After walking you through cacio e pepe, carbonara, and deep fried street foods, Parla and Gill introduce Jewish Roman cuisine, cucina ebraicawhich is known for deep fried artichokes and Jewish-style pizza.

“Due in part to three centuries of isolation in a walled ghetto, Roman Jews crafted a distinct cuisine called the cucina ebraica romanesca, which coaxes intense flavor from paltry resources.”

The Roman Jewish community expanded, in 1967, to include thousands of Libyan Jewish refugees  fleeing anti-semetic violence. Parla and Gill next explore La Cucina Tripolina, the Libyan Jewish cuisine named after the capital of Tripoli. This North African cuisine is one that’s getting more and more attention–for good reason! Shakshuka you’ve heard of, but what about hraimi con couscous (spicy fish with couscous), taershi (garlic-rich pumpkin spread), and a number of phyllo pastries stuffed with fruits, nuts and sesame seeds?

Tasting Rome: Fresh Flavors and Forgotten Recipes From an Ancient City feels like a walking tour that takes you off the beaten path through narrow alleyways and ten-table restaurants.

Here is one of our favorite recipes from this book, a dish whose roots can be traced back to 1492, when Sephardic Jews fled Spain for Southern Italy. The technique of frying vegetables and marinating them in vinegar is most likely a Spanish one.

 

Concia: Fried and Marinated Zucchini


Reprinted from Tasting Rome: Fresh Flavors and Forgotten Recipes from an Ancient City. Copyright © 2016 by Katie Parla and Kristina Gill. Photographs copyright © 2016 by Kristina Gill. Published by Clarkson Potter/Publishers,  an imprint of Penguin Random House LLC.

Ingredients

2 garlic cloves, thinly sliced

¼ cup fresh mint or basil leaves, finely chopped, plus more for garnish

2/3 cup white wine vinegar

Neutral oil, for frying

6 or 7 zucchini, cut into ¼-inch-thick rounds (6½ cups sliced)

1 teaspoon sea salt

Extra-virgin olive oil, for dressing

Directions

Combine the garlic, mint, and vinegar in a medium bowl and set aside.

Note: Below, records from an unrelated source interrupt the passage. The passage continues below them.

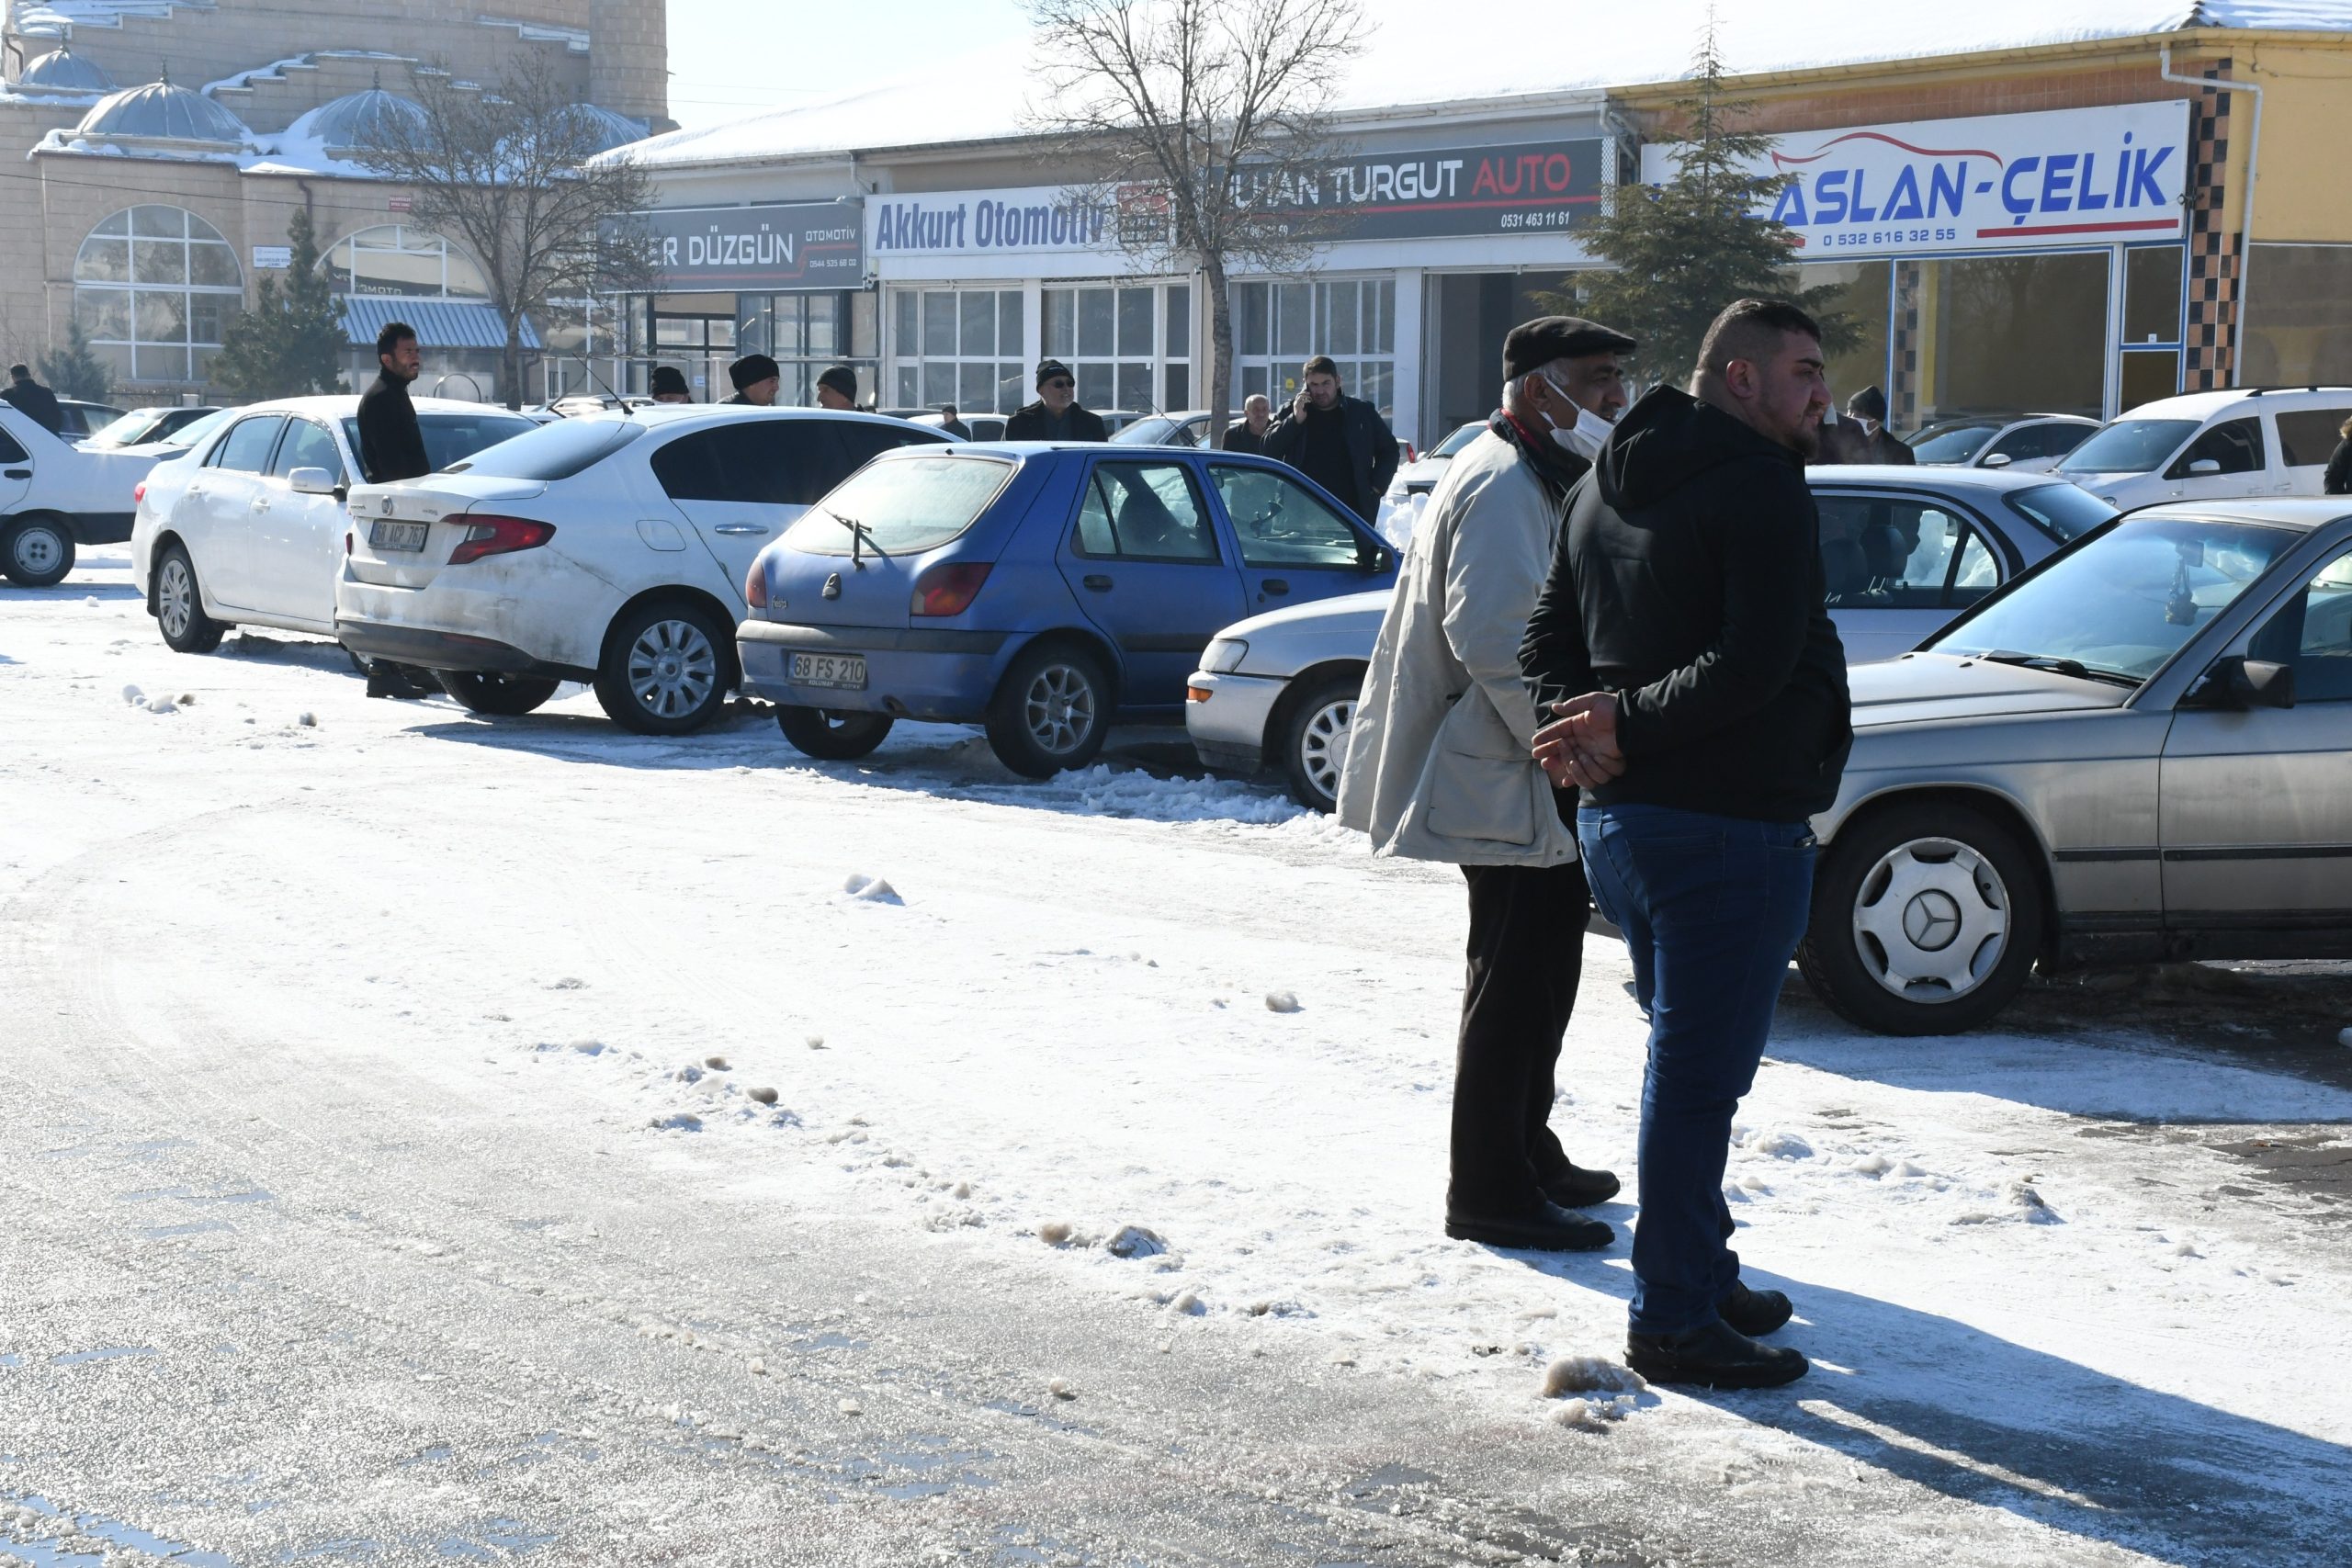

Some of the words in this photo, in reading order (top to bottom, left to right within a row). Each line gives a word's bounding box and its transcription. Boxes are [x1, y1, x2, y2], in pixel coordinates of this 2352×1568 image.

[1330, 159, 1464, 204] TURGUT
[1472, 153, 1572, 196] AUTO
[876, 203, 966, 251] Akkurt
[975, 195, 1106, 248] Otomotiv
[1501, 213, 1523, 228] 0531
[1525, 212, 1544, 227] 463
[1545, 211, 1556, 226] 11
[1558, 210, 1569, 225] 61
[689, 223, 793, 265] DÜZGÜN
[805, 224, 856, 242] OTOMOTİV
[1823, 234, 1832, 246] 0
[1838, 232, 1868, 245] 532
[1873, 231, 1904, 243] 616
[1909, 229, 1930, 243] 32
[1935, 228, 1956, 241] 55
[794, 656, 811, 677] 68
[815, 657, 834, 679] FS
[839, 660, 865, 682] 210

Line a wire rack with paper towels. In a medium frying pan or cast-iron skillet, heat 2 inches of neutral oil to 350°F. Fry the zucchini in small batches until golden brown or darker, if you wish, and transfer to the rack to drain. Season with the salt.

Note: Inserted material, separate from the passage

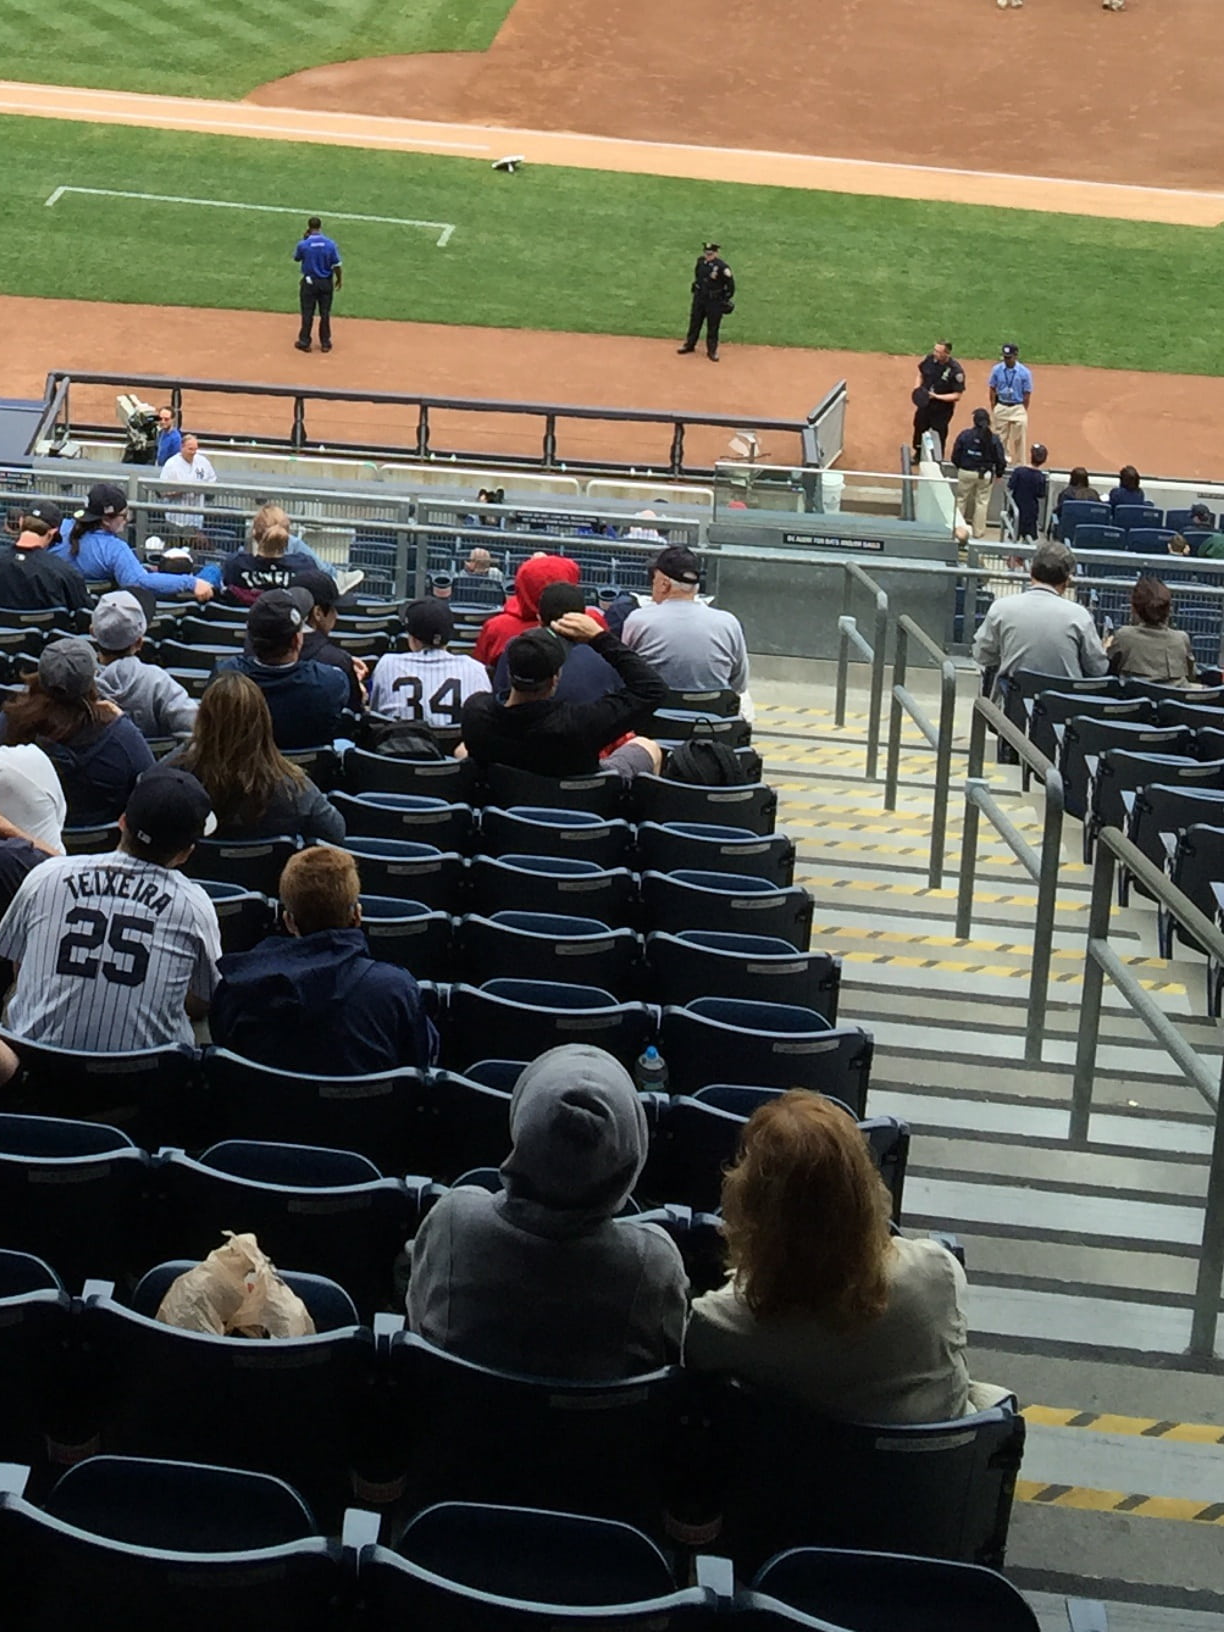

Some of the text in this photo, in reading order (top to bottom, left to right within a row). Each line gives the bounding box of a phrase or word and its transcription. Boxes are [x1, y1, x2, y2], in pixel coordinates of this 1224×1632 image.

[392, 676, 462, 725] 34
[63, 868, 173, 917] TEIXEIRA
[56, 905, 156, 988] 25

Add the zucchini to the vinegar marinade and toss to coat. Marinate in the refrigerator for at least 2 hours or overnight.

Serve garnished with additional fresh mint and drizzled with olive oil, on its own as a side dish or as a sandwich filling: Slice open bread such as Passi’s Ciabattina, fill with concia, and drizzle with some leftover marinade.

Note: If the zucchini are very bitter, salt them in advance. Place the zucchini slices in a colander set over a bowl or over the sink and sprinkle with salt. Allow the slices to sit for an hour or two; some liquid will drain out. Rinse and pat dry before frying.